##### DATA PROVIDED

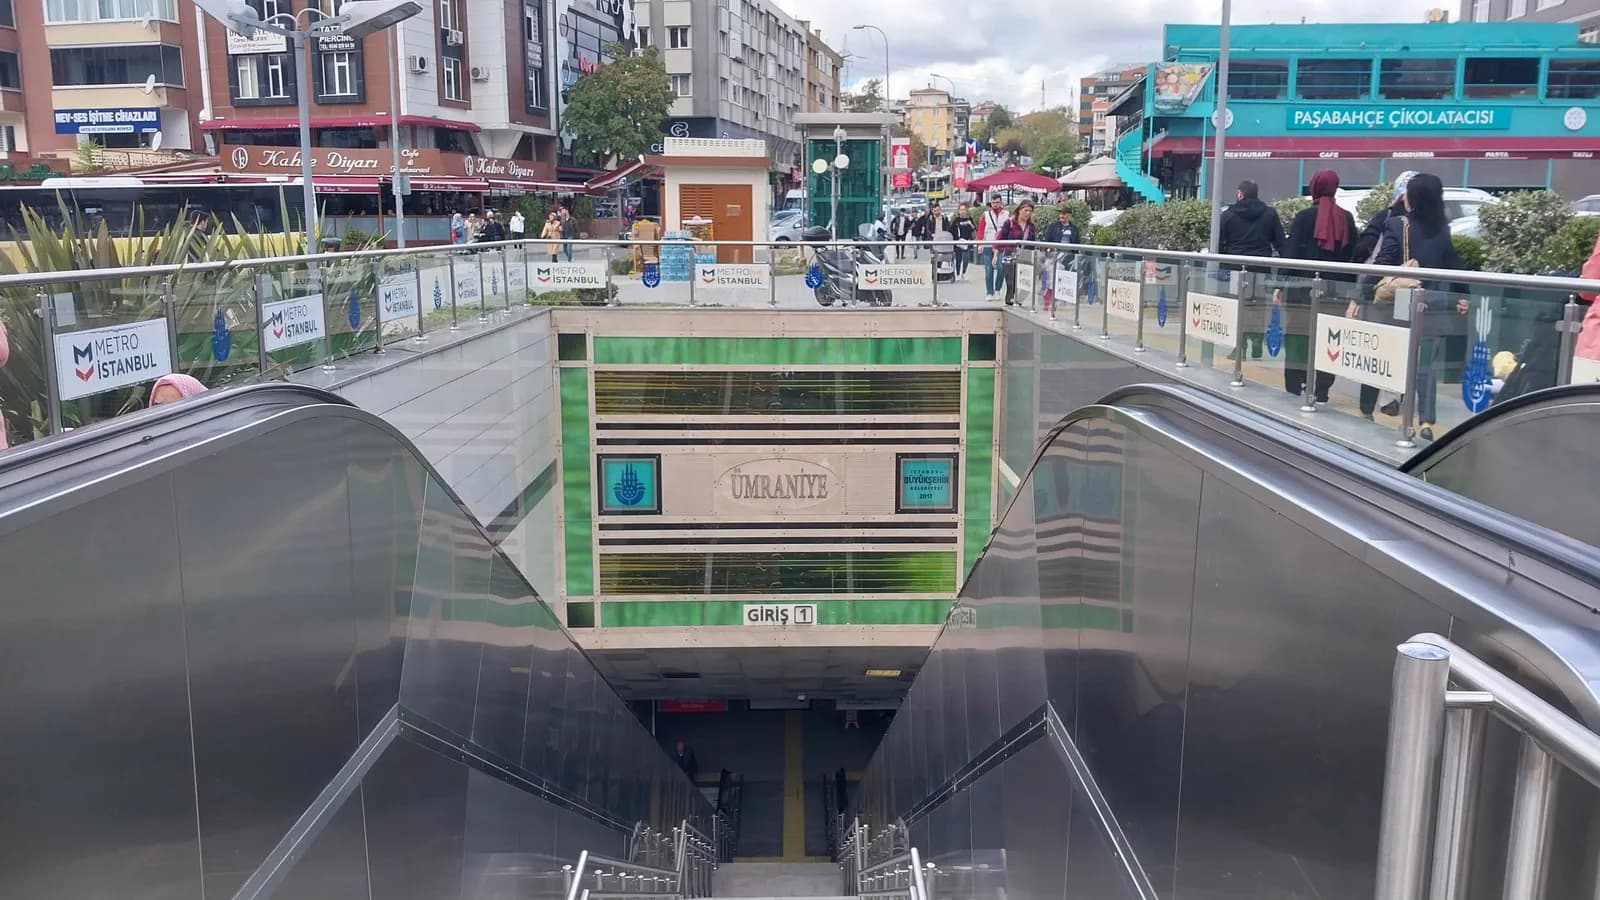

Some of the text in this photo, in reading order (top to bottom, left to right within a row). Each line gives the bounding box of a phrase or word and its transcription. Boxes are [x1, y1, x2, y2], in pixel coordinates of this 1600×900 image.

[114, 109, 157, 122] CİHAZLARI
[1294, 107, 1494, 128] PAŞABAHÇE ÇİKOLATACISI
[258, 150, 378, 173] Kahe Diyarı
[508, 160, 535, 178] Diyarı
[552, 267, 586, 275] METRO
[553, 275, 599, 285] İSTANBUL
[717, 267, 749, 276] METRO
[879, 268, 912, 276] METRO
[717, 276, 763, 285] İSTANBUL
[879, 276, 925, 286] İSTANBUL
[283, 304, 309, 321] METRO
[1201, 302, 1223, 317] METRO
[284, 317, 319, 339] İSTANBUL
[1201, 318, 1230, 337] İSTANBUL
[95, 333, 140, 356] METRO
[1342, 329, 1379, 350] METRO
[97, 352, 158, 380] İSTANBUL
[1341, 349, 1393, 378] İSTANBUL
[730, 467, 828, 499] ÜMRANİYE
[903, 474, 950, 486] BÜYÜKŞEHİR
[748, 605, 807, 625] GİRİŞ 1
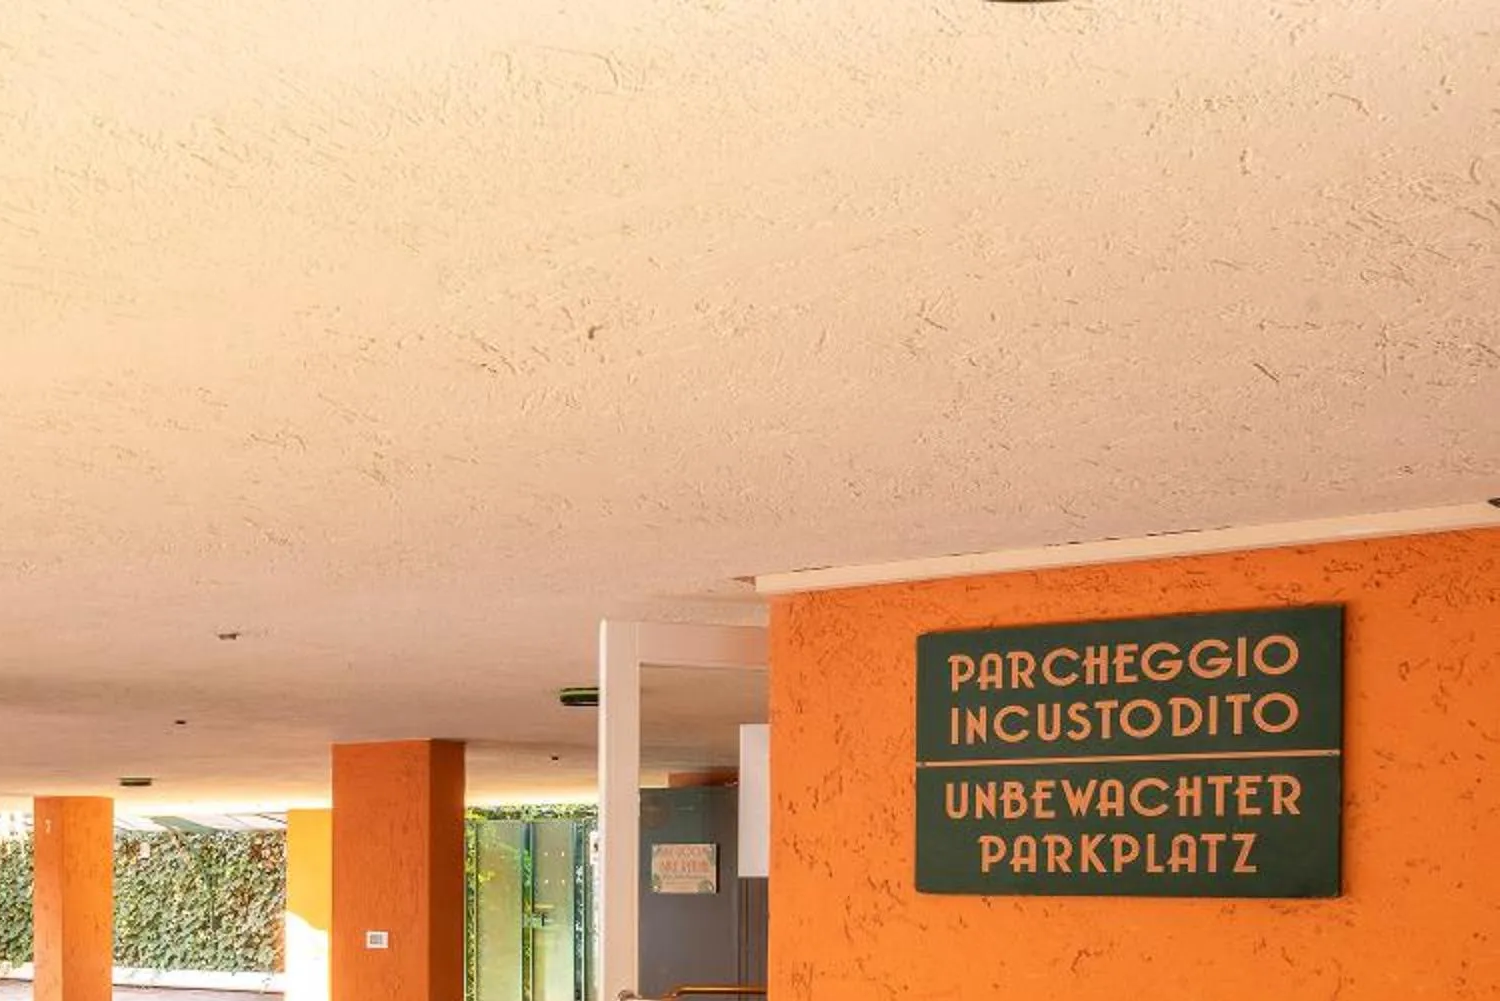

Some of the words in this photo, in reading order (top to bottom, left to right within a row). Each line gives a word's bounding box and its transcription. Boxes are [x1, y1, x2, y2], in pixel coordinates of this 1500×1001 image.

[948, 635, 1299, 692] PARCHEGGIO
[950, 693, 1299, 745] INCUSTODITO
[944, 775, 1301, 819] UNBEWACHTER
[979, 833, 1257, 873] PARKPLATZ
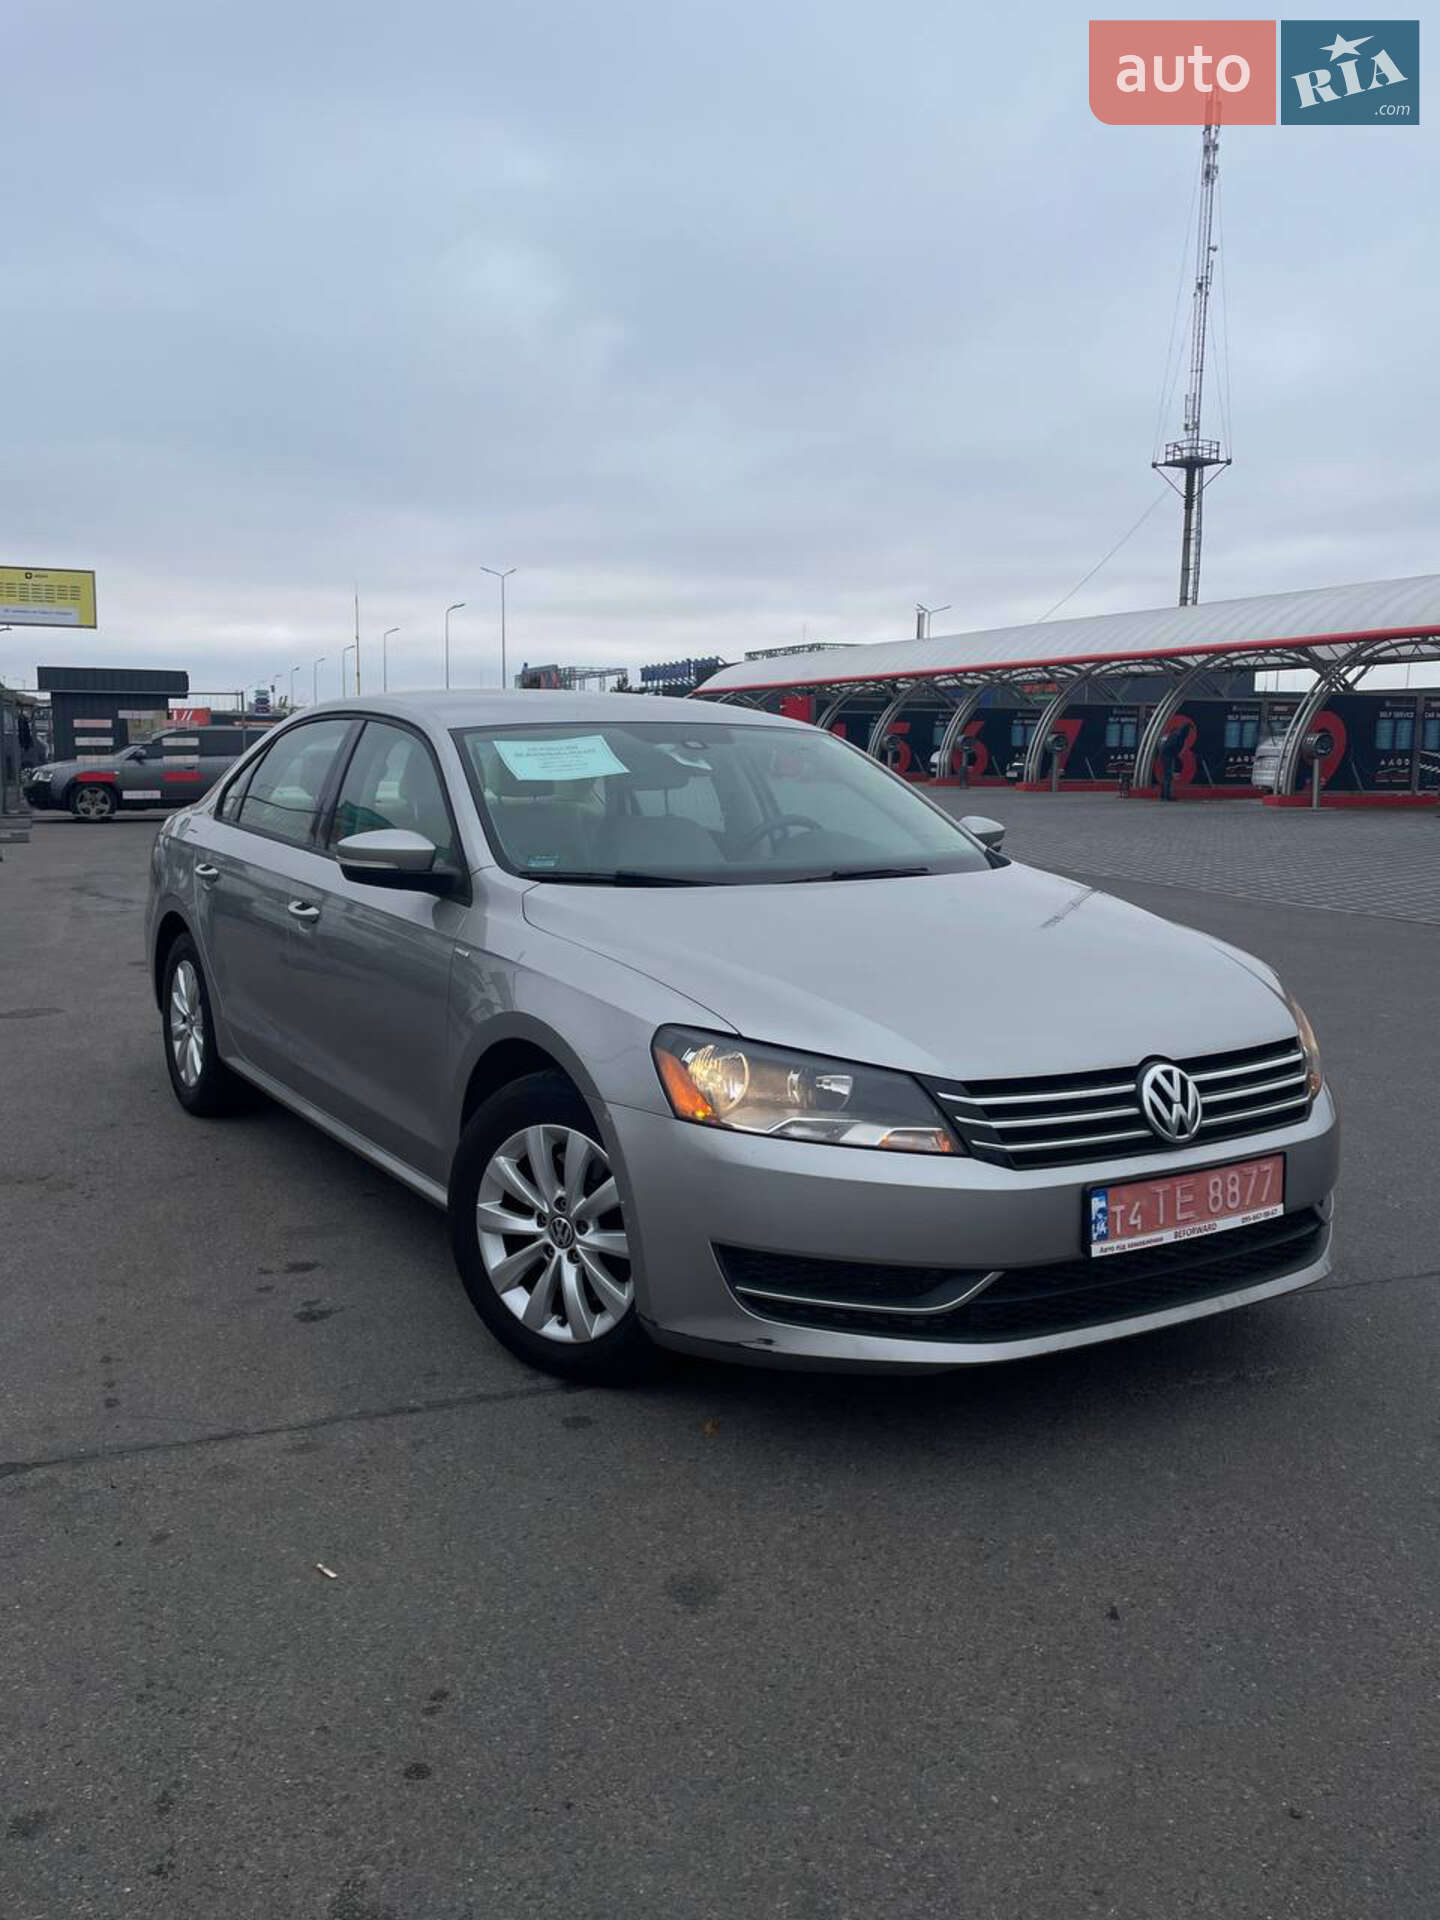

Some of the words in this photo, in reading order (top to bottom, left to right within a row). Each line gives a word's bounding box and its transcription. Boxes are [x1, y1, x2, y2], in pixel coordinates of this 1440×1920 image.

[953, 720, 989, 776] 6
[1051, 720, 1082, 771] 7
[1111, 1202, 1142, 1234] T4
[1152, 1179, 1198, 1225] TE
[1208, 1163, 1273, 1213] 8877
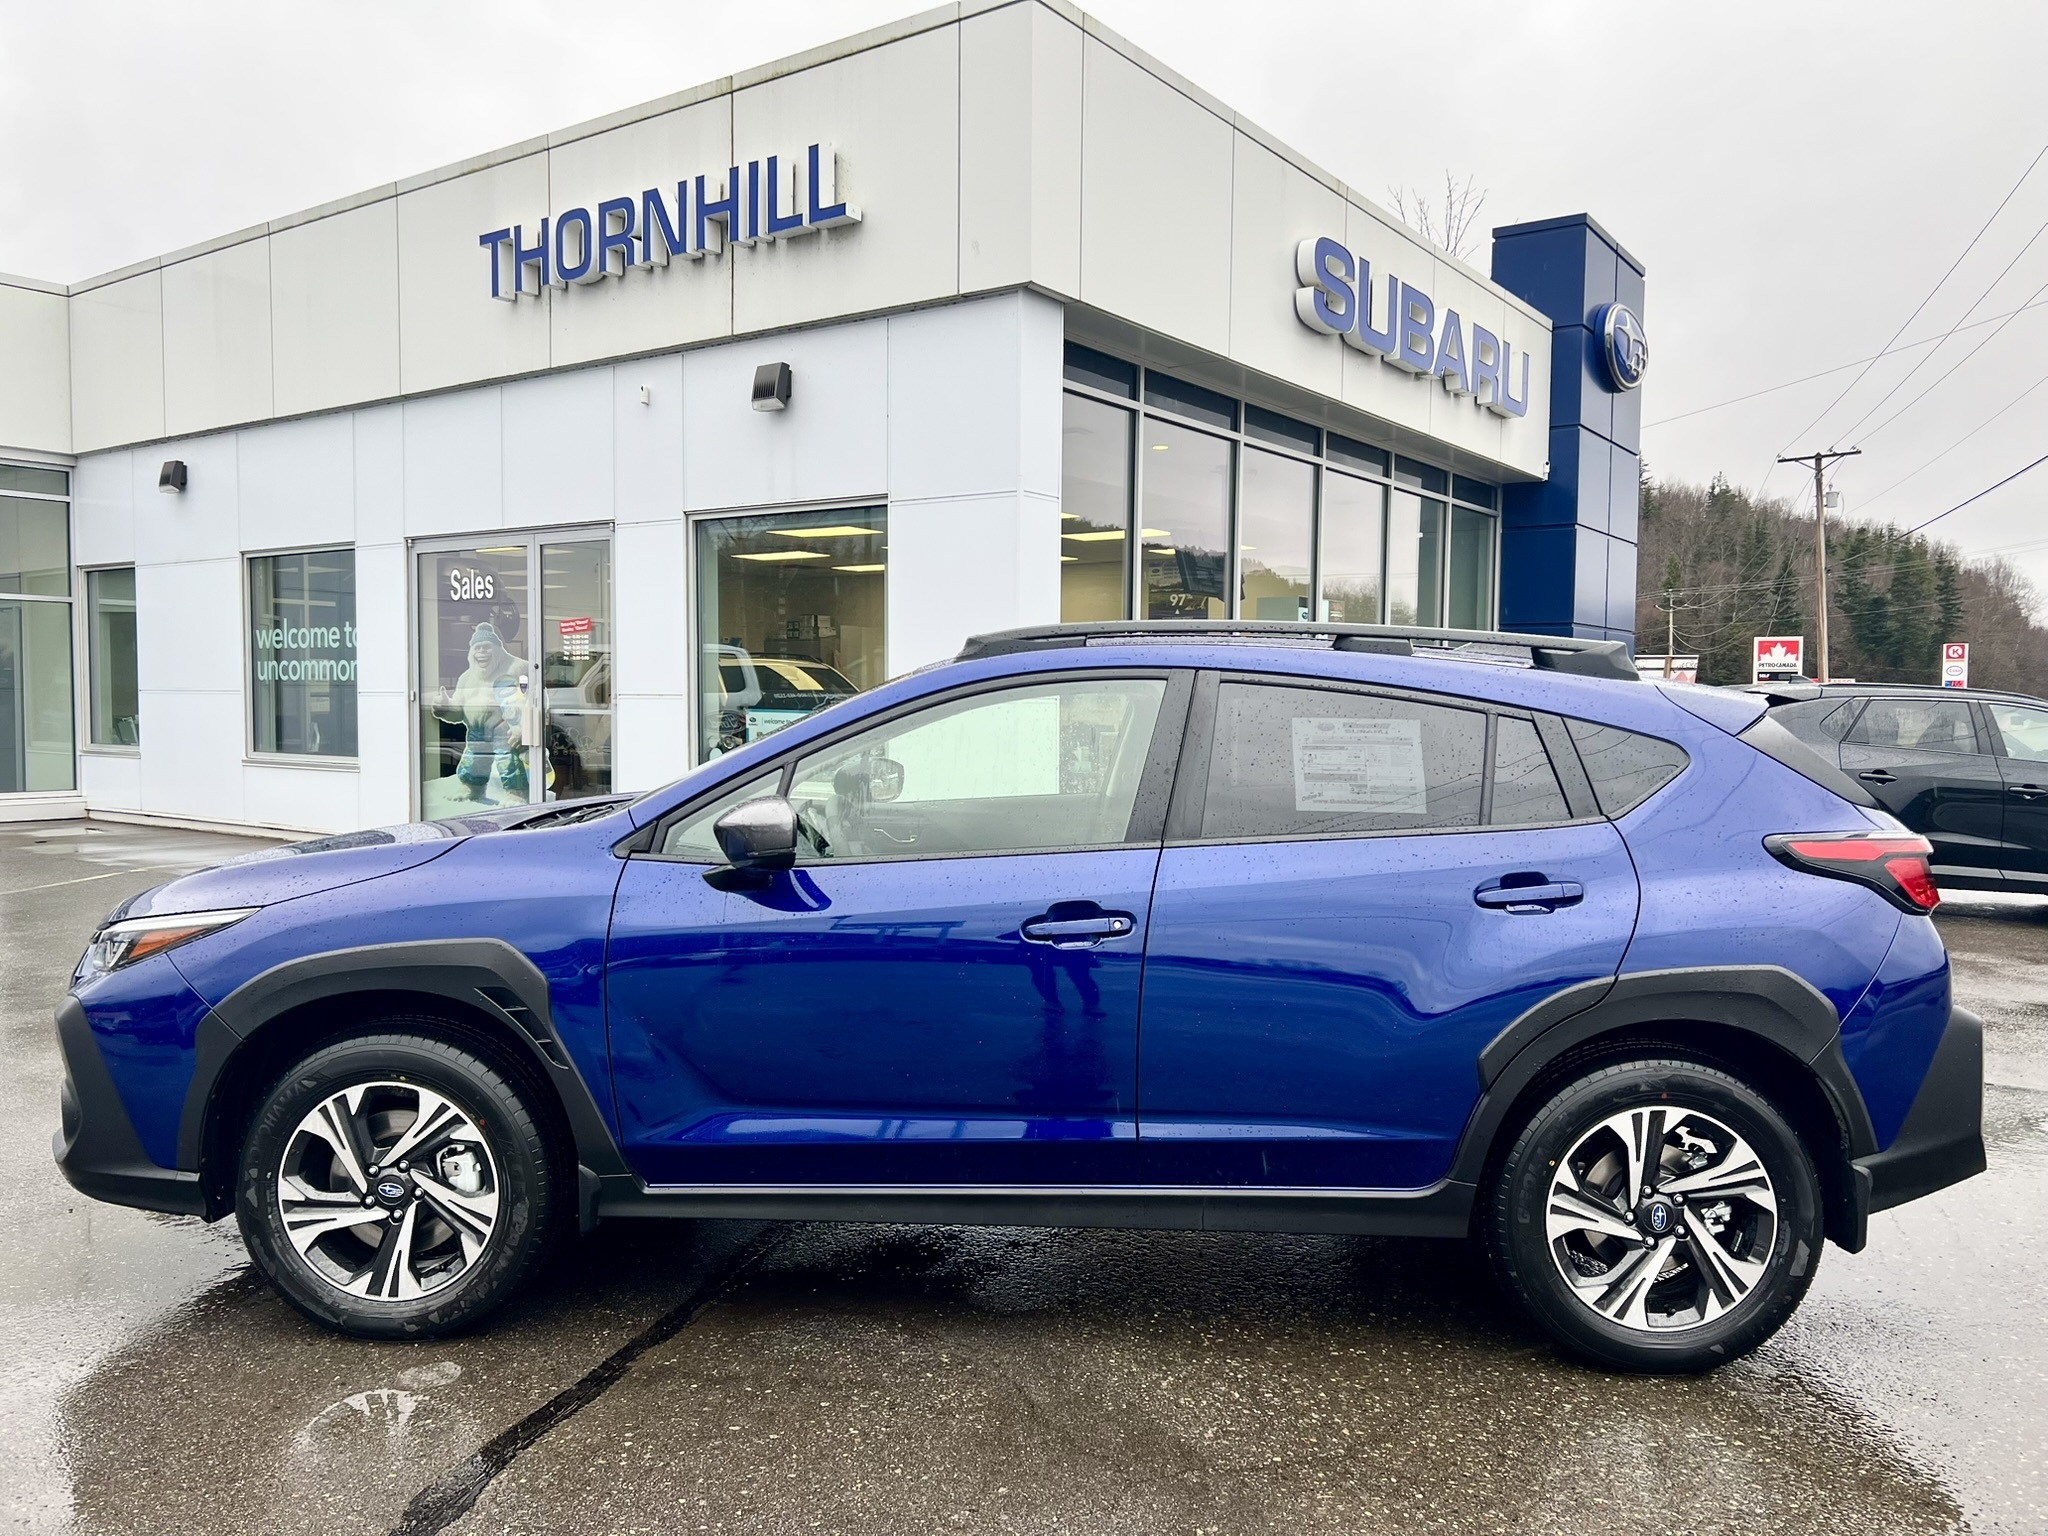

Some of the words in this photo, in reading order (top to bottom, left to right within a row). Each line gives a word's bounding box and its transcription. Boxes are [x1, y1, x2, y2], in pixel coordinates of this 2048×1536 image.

##########

*WHAT TO DO*
What's needed is an exact copy of every entry, free of pictures.

*RESPONSE*
Some of the text in this photo, in reading order (top to bottom, left to right within a row). Each line gives the bounding box of a phrase or word and its transcription. Boxes are [x1, y1, x2, y2], in pixel coordinates of this 1600×900 image.

[114, 109, 157, 122] CİHAZLARI
[1294, 107, 1494, 128] PAŞABAHÇE ÇİKOLATACISI
[258, 150, 378, 173] Kahe Diyarı
[508, 160, 535, 178] Diyarı
[552, 267, 586, 275] METRO
[553, 275, 599, 285] İSTANBUL
[717, 267, 749, 276] METRO
[879, 268, 912, 276] METRO
[717, 276, 763, 285] İSTANBUL
[879, 276, 925, 286] İSTANBUL
[283, 304, 309, 321] METRO
[1201, 302, 1223, 317] METRO
[284, 317, 319, 339] İSTANBUL
[1201, 318, 1230, 337] İSTANBUL
[95, 333, 140, 356] METRO
[1342, 329, 1379, 350] METRO
[97, 352, 158, 380] İSTANBUL
[1341, 349, 1393, 378] İSTANBUL
[730, 467, 828, 499] ÜMRANİYE
[903, 474, 950, 486] BÜYÜKŞEHİR
[748, 605, 807, 625] GİRİŞ 1

Some of the words in this photo, in reading order (top to bottom, left to right within a row). Each line gives a word's bounding box and its transcription. Boxes are [x1, y1, x2, y2], in pixel coordinates of this 1500×1001 image.

[948, 635, 1299, 692] PARCHEGGIO
[950, 693, 1299, 745] INCUSTODITO
[944, 775, 1301, 819] UNBEWACHTER
[979, 833, 1257, 873] PARKPLATZ

Some of the words in this photo, in reading order (top to bottom, left to right within a row). Each line gives a word's bounding box and its transcription. Boxes are [x1, y1, x2, y2], in pixel coordinates of this 1440×1920 image.

[953, 720, 989, 776] 6
[1051, 720, 1082, 771] 7
[1111, 1202, 1142, 1234] T4
[1152, 1179, 1198, 1225] TE
[1208, 1163, 1273, 1213] 8877

Some of the words in this photo, in reading order (top to bottom, left to right within a row). Each line gives a word's bounding box and its transcription. Boxes are [x1, y1, x2, y2], in pixel coordinates of this 2048×1536 image.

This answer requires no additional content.